Eric and the Yakomono draw Sarah out of her hiding place. For a moment, it looks as though Eric will kill Sarah despite the deal, despite Pam threatening to kill herself, but he drinks enough from her to be cured before throwing her at the feet of the corporation. Later, we find out that the corporation wants to engineer New Blood as less than a cure—as something less than perfect so that those infected keep buying. Eradication of the disease has never been their goal. Eric and Pam are surprisingly ok with this idea, perhaps because they’re stuck with few other options.


In Bon Temps, Lafayette and Lettie May are still at their old home, digging holes in the yard. For some reason, rather than calling the police, the family has called the Reverend, who decides to join in the V trip by taking some of James’s blood. The small family then stands by while Lafayette, Lettie May, and the Reverend are treated to a vision of a young Tara’s birthday party ruined by a drunk, abusive father. This is all a little strange, not least because the entire purpose of this vision was to lead Lettie May to a buried gun that Tara couldn’t bring herself to use on her father. The two apologize to each other (again). Now I was never really in the camp of Tara-haters, but for her season-long haunting to end this way is irritating. It’s re-hashed ground.
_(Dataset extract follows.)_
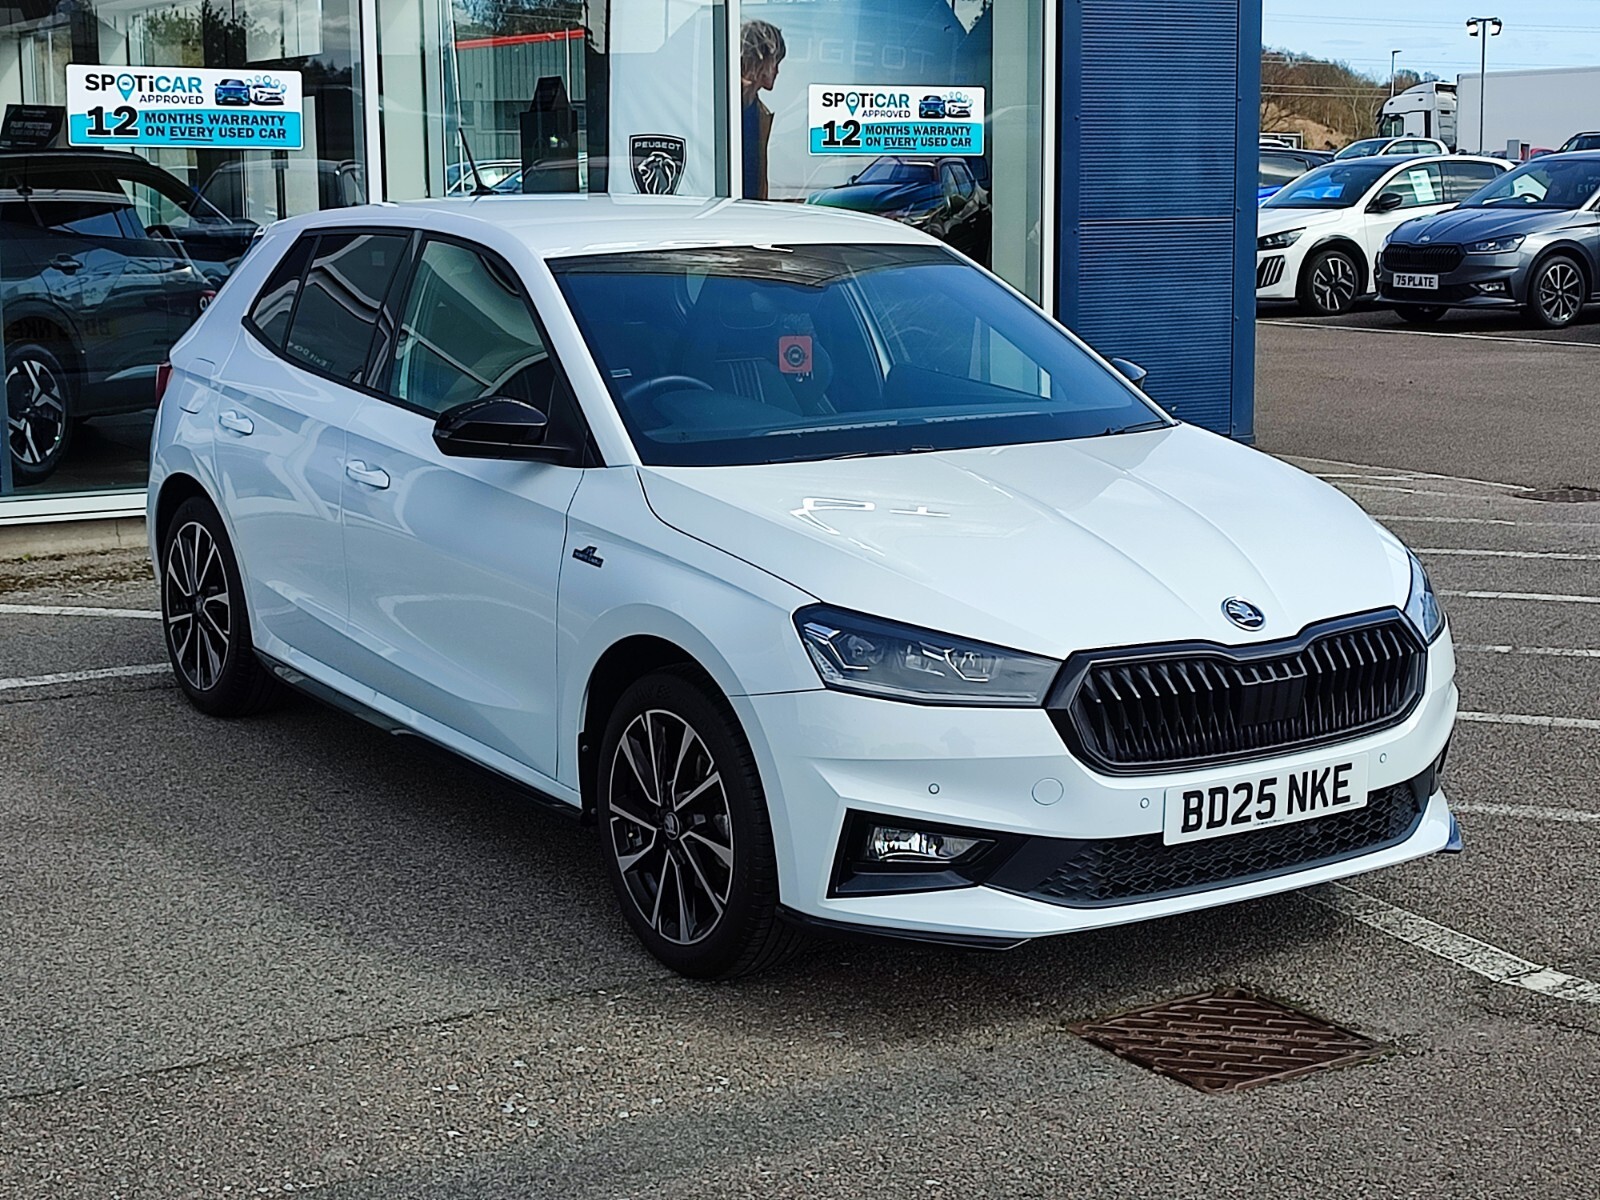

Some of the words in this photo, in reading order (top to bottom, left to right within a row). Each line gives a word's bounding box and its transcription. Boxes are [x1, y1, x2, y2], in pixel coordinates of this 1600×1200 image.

Hopefully this time Tara is really at rest, is really gone.


Bridgette and Hoyt, meanwhile, are arguing over Bridgette’s ill-timed admission that she’d like to have children. (This is beginning to make me think that we’re headed for a Jason/Jessica/Hoyt/Bridgette swap. Oh please, no.) Jason is with them, still, and when he receives pictures of Jessica, tied up and being tortured by Violet, he races out the door. Bridgette, though, insists upon coming along, refusing to stay in the house with Hoyt after their argument. At least Jason is smart enough to leave her in the car with a gun when he arrives at Violet’s house. Inside, he finds Adilyn, Wade, and Jessica tied up and Violet ready to torture them. And, predictably, he gets himself captured, too. But just when Violet has gone full-monologue, Hoyt shows up and shoots her in the back, bringing a quick, unexpected end to the story-line.


Jessica is enamored by Hoyt, and he seems enamored of her, too. But that brings back all sorts of questions and problems. After all, this is not an Eternal Sunshine of the Spotless Mind-esque situation in which both parties are unaware of what has previously happened. Jessica has full knowledge of what happened before, and even if it is cute to see the chemistry between the two actors, the creep-factor of her knowing what Hoyt doesn’t know about their prior relationship is pretty high.
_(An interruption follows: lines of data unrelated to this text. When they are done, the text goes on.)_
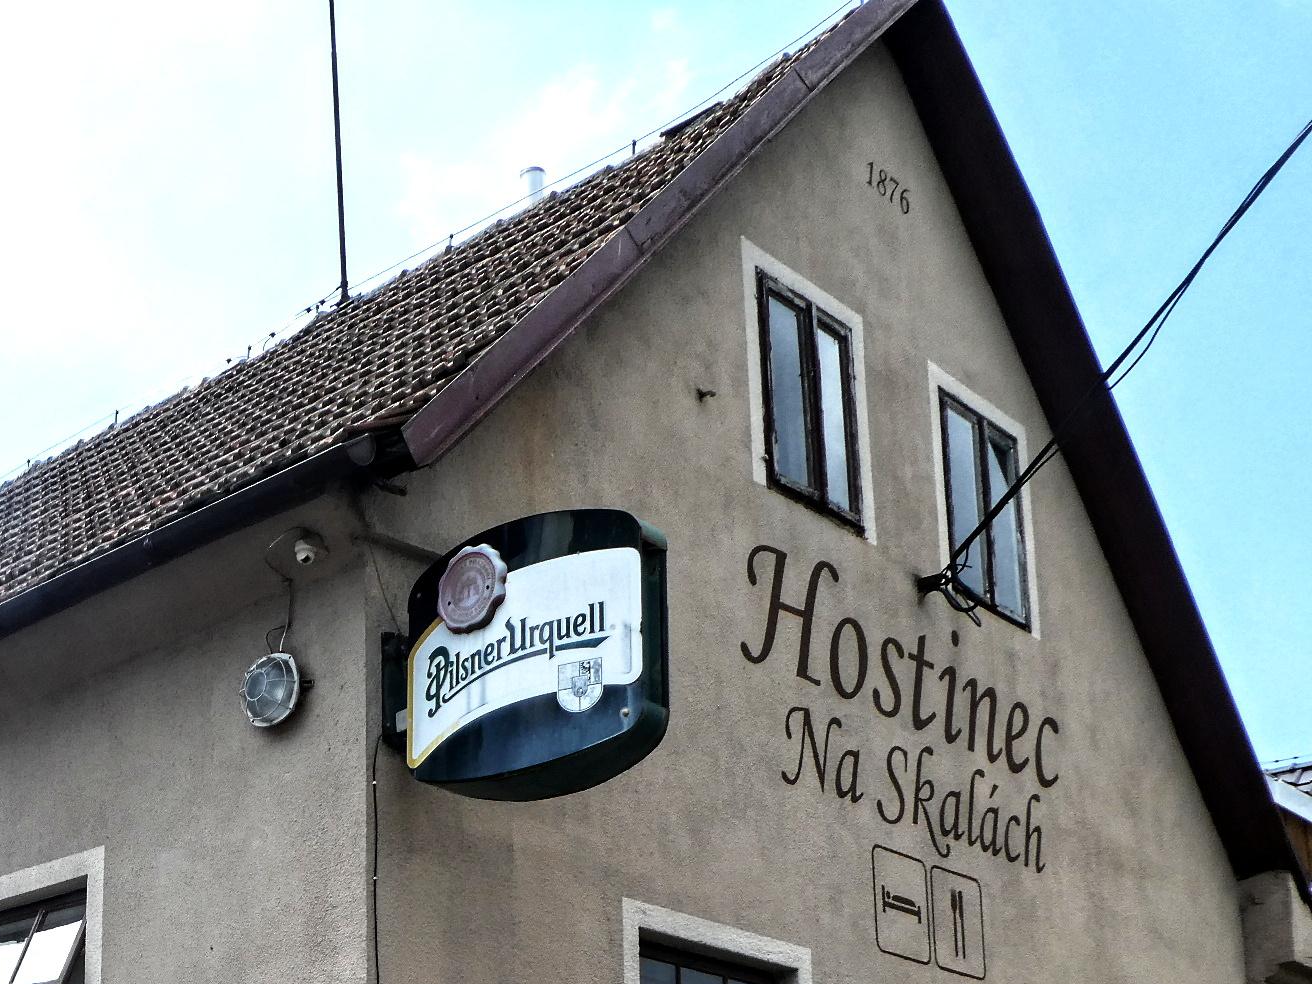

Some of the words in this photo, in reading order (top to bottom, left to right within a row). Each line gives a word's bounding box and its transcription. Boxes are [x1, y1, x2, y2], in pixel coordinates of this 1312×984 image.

[866, 161, 910, 215] 1876
[425, 635, 508, 718] Pilsner
[505, 600, 605, 660] Urquell
[740, 544, 1059, 788] Hostinec
[781, 706, 864, 803] Na
[876, 745, 1046, 873] Skalách
Eric shows up at Bill’s house, cured. Sookie is ecstatic, but Eric doesn’t truly understand why until she reveals that Bill is sick, that he contracted Hep V from her and that her fairy blood is speeding up the illness. Eric is surprisingly affected by the news and promises to help. And a very sick Bill has a dream of Sookie. She is sitting in a rocking chair with a baby. But when we get closer, we realize that the baby is actually a dark creature, something like a grim reaper or a demon.

But of course, Sookie cannot wait for Eric’s help. She drives to Fangtasia alone, barely makes it past the guards, and is “glamoured” by Eric before she leaves. Of course, though, she still cannot wait for Eric, and she finds that Sarah Newlin is in the basement, that she is the cure. She then manages to haul Bill and Jessica to the basement of Fangtasia with her. Bill won’t drink, though, and at the end of this episode we’re left wondering whether Bill is going to embrace his death in a way that only Godric has embraced his death on this show.